Many of these factors turn on observable conduct and lived conditions. As a factual matter, children may have firsthand knowledge relevant to who provides daily care, how routines are maintained, how conflict is expressed, whether contact with the other parent is facilitated or undermined, and whether impairment, volatility, or neglect is present in the home. Recognizing that reality does not transform a child into an evaluator, diagnostician, or decision-maker. It simply acknowledges that the statute assigns evidentiary relevance to matters children may directly experience.
V. Evidence Versus Summaries About Evidence
Finally, the statute does not equate firsthand accounts with summaries offered by adults. In practice, courts often rely on reports and characterizations provided by evaluators, guardians ad litem, therapists, or parents themselves. Those mechanisms are familiar and professionally mediated, and they may serve important protective functions. But their prevalence is a matter of practice, not statutory command.
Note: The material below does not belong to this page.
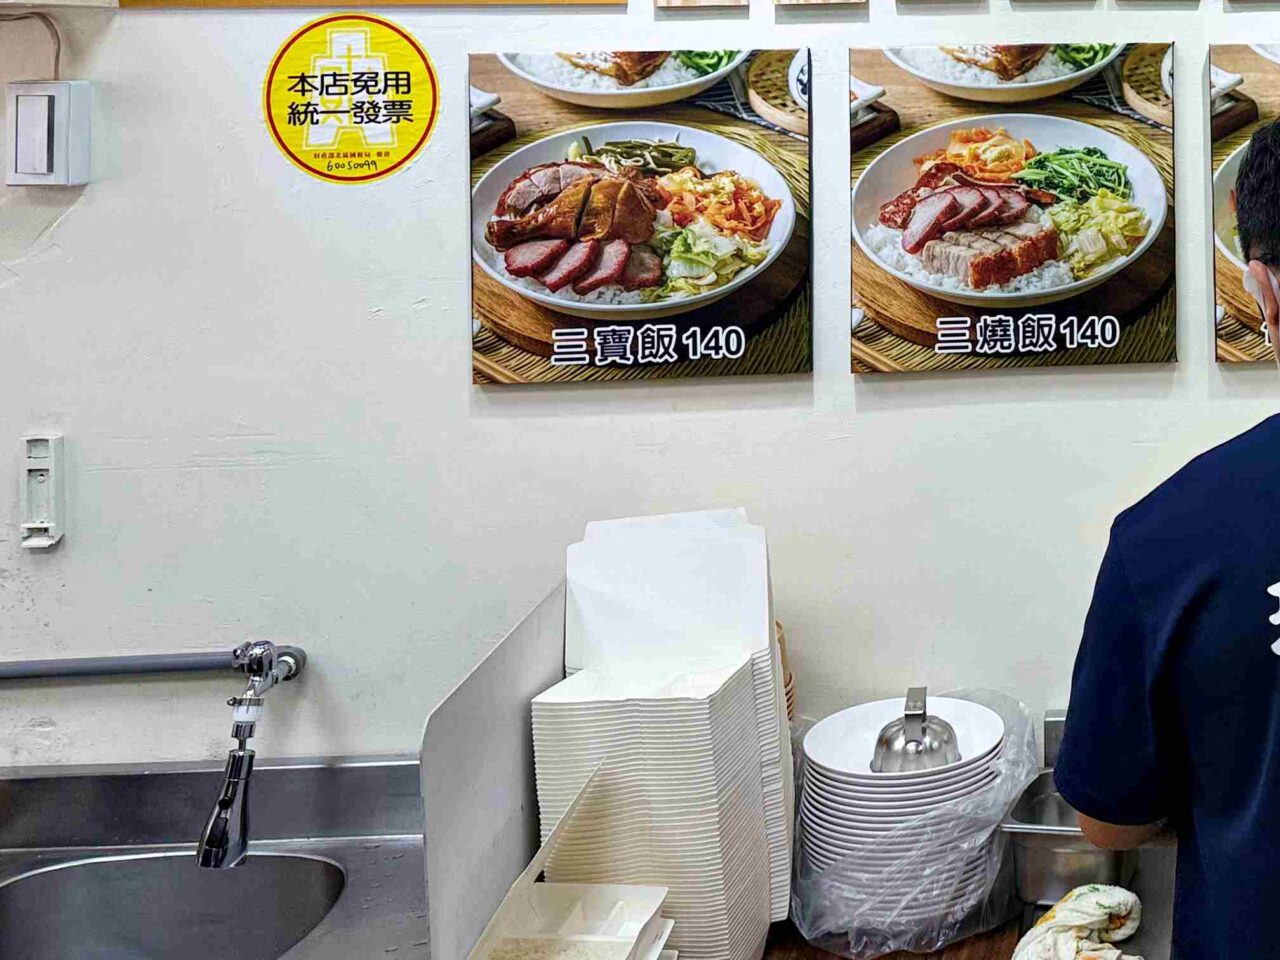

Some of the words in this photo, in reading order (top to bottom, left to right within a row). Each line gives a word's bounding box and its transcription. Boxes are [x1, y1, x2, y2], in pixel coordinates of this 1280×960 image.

[287, 71, 412, 97] 本店免用
[287, 100, 414, 126] 統一發票
Nothing in § 81-9-204 declares that summaries are equivalent to primary evidence, or that a child’s own knowledge must be filtered through intermediaries to be considered at all. The law regulates compulsion, form, and weight. It does not resolve how courts are to evaluate statutory factors that depend on lived experience when the child’s own account never enters the evidentiary record.
It bears emphasis that nothing in this discussion turns on minimizing the emotional risks children may face in custody proceedings. Section 81-9-204 reflects a clear legislative concern with protecting children from compulsion, adversarial pressure, and inappropriate burden. Those concerns are real, and the statute addresses them directly through limits on compelled testimony and through regulation of form. The question examined here is a different one. It is not whether caution is warranted, but how a statute that requires courts to evaluate a child’s lived experience accommodates that caution without resolving, by default, questions of evidentiary source.
The statute requires courts to assess a child’s internal experience and external reality alike, yet leaves unresolved how either is to be reliably known in the absence of the child’s own firsthand account.